If the matter is important enough to discuss, it is important enough to document.
Quite simply, memory can be creative. Neither you, your team, nor your customers and clients should be relying solely on memory for important information. When in doubt, you can refer to your contact reports, minimizing miscommunications and unnecessary conflicts. A common phrase said here at Pixel Dreams is, “Let’s see what’s in the contact report!”
After every interaction, including meetings and phone conversations, with a customer, client or even an internal stakeholder.
The person sending the contact report should aim to send it immediately after the interaction. Definitely no longer than 24 hours. In many instances, you’ll want to write the contact report key points ahead of time, serving as a great itinerary during your meeting. Throughout the meeting, you can adjust the report accordingly, inserting new information, action items, and quotes.
Don’t shy away from using contact reports for internal purposes. It’s a great tool for managers to measure team members’ understanding of what was discussed in a meeting.
The person responsible to send out this report is dependent on who is in the meeting:
- In a client meeting: Not the client
- In an internal meeting: Not the manager / senior person
There are many ways to write a contact report. Keeping in mind the main purpose of the report, it’s simply a summary of your meeting. Below are the components of a strong contact report.
- Clear subject line
We use the following system: Client // Contact report YYYY-MM-DD
- Intro and greeting
A simple hello, it was nice meeting you today. Keep it light.
- Reminder / reader beware
You want to cover your butt. At the end of your intro, ensure to remind the readers: “Please let me know if there’s anything important missing.”
- Next steps
A simple checklist that is actionable. We typically categorize them in two: Clients and Ours.
- What we discussed
This is where the body of your summary lives. Use a combination of paragraphs, bullet points, and numbered lists. Opt out of writing the summary in chronological order based on your meeting. Rather, organize the content based on logical categories.

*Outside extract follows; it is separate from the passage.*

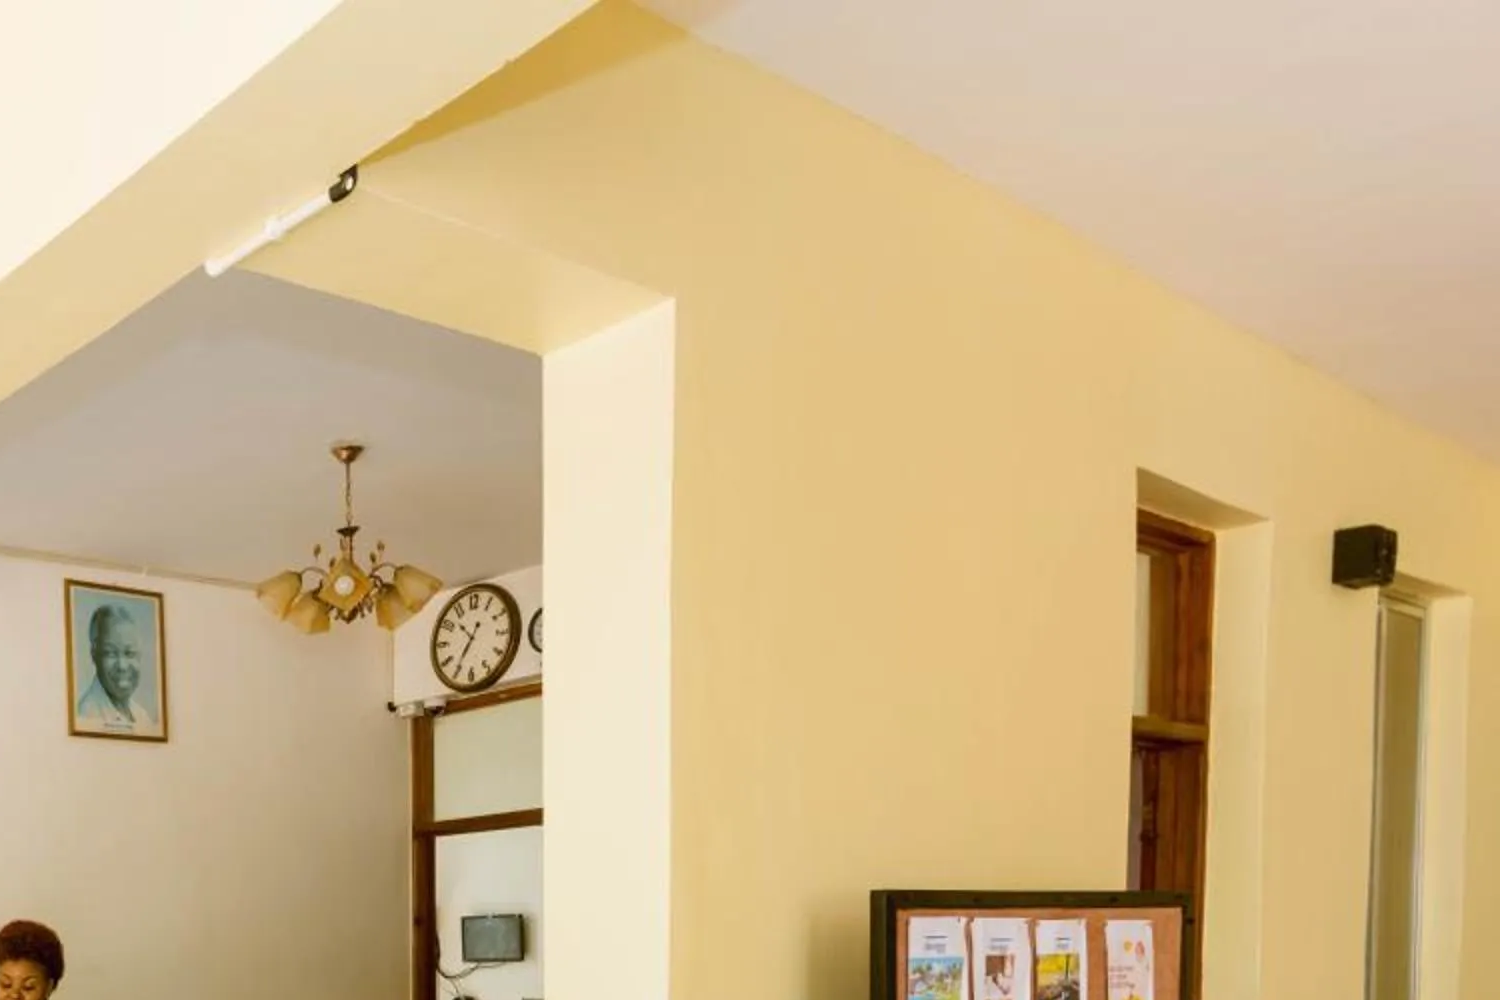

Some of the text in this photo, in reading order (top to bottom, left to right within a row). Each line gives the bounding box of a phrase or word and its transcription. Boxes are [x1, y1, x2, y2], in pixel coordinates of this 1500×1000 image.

[469, 593, 479, 610] 12
[484, 596, 493, 611] 1
[453, 603, 465, 619] 11

Essentially, you want to apply some design thinking, minimizing the amount of content while maximizing the clarity of points.
Time, participants, location, attachments, etc.
- Save a template in your email drafts. Alternatively, in gmail, you can use the ‘canned email’ function. See steps here:
- From time to time, we add something crazy in our summary to see if the reader is paying attention. For example, “It was nice of Mr Worf to provide us with the much-needed dilithium crystals ensuring we hit that 9.9 warp speed we’ve been aiming for.”